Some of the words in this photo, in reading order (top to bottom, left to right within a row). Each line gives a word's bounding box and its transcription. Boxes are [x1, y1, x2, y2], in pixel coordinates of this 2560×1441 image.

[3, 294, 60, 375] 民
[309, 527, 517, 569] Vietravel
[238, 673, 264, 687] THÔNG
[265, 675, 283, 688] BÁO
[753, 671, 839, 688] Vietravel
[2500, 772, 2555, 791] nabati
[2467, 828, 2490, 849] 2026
::::
▶ _ACTIVITY_
Line by line, please copy the records above exactly.

▶ _WRITTEN ANSWER_
Some of the words in this photo, in reading order (top to bottom, left to right within a row). Each line gives a word's bounding box and its transcription. Boxes are [x1, y1, x2, y2], in pixel coordinates of this 2560×1441 image.

[3, 294, 60, 375] 民
[309, 527, 517, 569] Vietravel
[238, 673, 264, 687] THÔNG
[265, 675, 283, 688] BÁO
[753, 671, 839, 688] Vietravel
[2500, 772, 2555, 791] nabati
[2467, 828, 2490, 849] 2026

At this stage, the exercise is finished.